Es importante entender que el líquido amniótico donde está el feto anidado es una almohada que funciona como amortiguador. “Un aborto podría ocurrir con el simple movimiento del bus cuando pasa por una superficie llena de huecos.
La vibración mecánica demuestra que se puede afectar el feto por factores externos sin que haya coito”, explica Pol Bravo. Justamente, para prevenir accidentes, hay algunas posiciones sexuales que permiten un acople del cuerpo sin necesidad de tocar el amortiguador natural del vientre.

Preparación
Para realizar el encuentro erótico, es conveniente estar en un lugar cómodo y con facilidad de movimiento. Se recomienda el uso de almohadas, para mantener los rincones del cuerpo apoyados y evitar molestias.
Las relaciones anales, en este caso, no son adecuadas, según lo plantean los especialistas, porque se necesita experiencia anterior para hacerlo y hay que controlar el nivel de higiene para prevenir infecciones, más que todo en esta época, porque la embarazada está propensa a padecerlas.

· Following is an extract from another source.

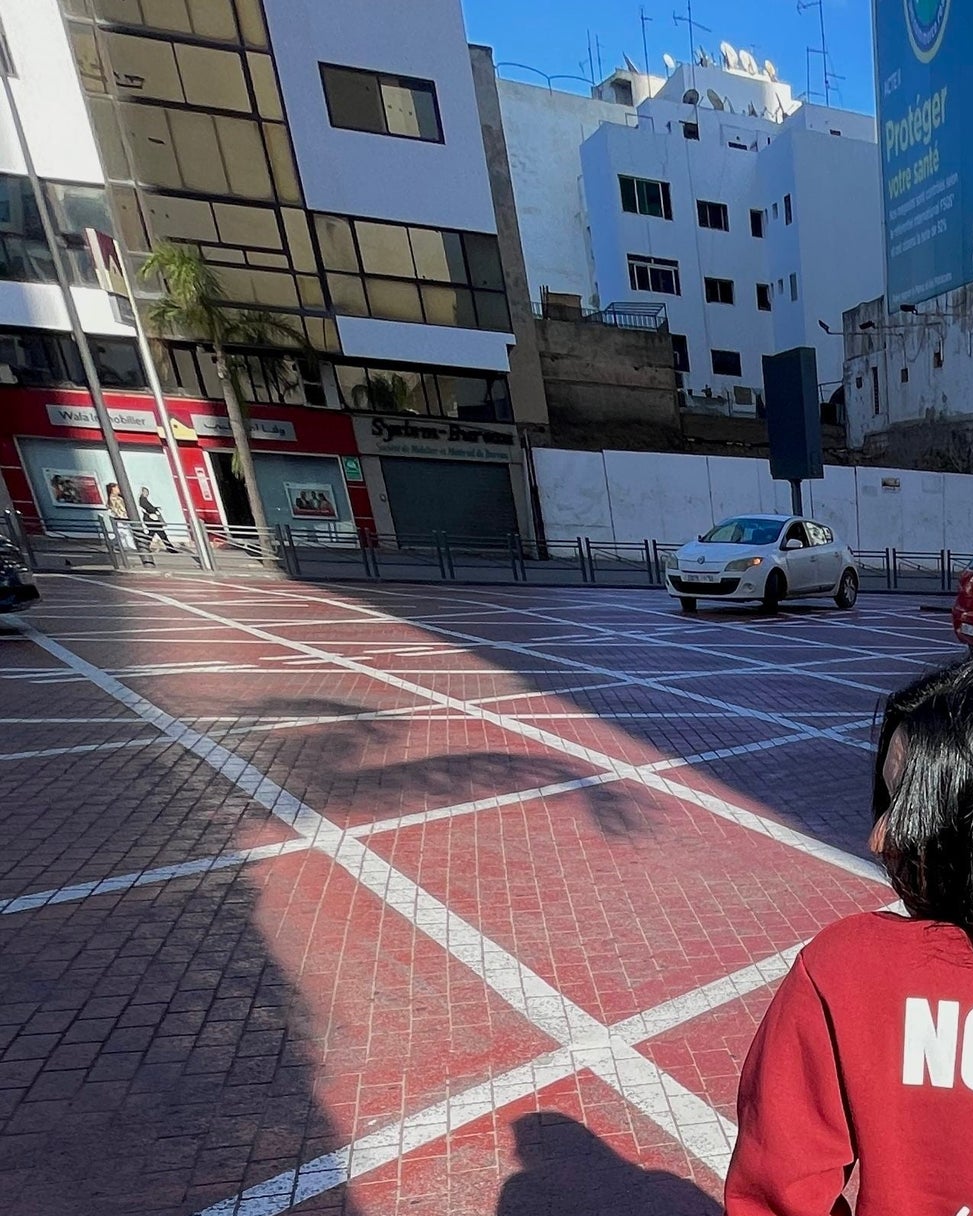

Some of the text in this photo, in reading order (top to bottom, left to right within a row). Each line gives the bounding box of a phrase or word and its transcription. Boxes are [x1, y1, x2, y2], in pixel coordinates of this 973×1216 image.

Las maratones sexuales tampoco son adecuadas, pues pueden causar orgasmos consecutivos en la embarazada, los cuales incrementan el riesgo de sufrir calambres uterinos por la contracción vaginal. Las posiciones del ‘Kamasutra’ practíquelas después de los 40 días del puerperio, cuando el cuerpo de la mujer comienza a recuperarse.
Tenga en cuenta
El movimiento brusco y la penetración profunda no son adecuados durante el embarazo. Además, la excitación que se produce en el tercio externo de la vagina, donde están todas las terminaciones nerviosas, es suficiente para lograr un orgasmo, porque es la parte más sensible del órgano femenino.
En cambio, la presión que se genere en el útero es negativa porque podría afectar al bebé.
La fuerza en la penetración debe ocurrir en un momento preorgásmico. “Los buenos amantes disfrutan más con el roce que con la profundidad”, comenta Carlos Pol Bravo.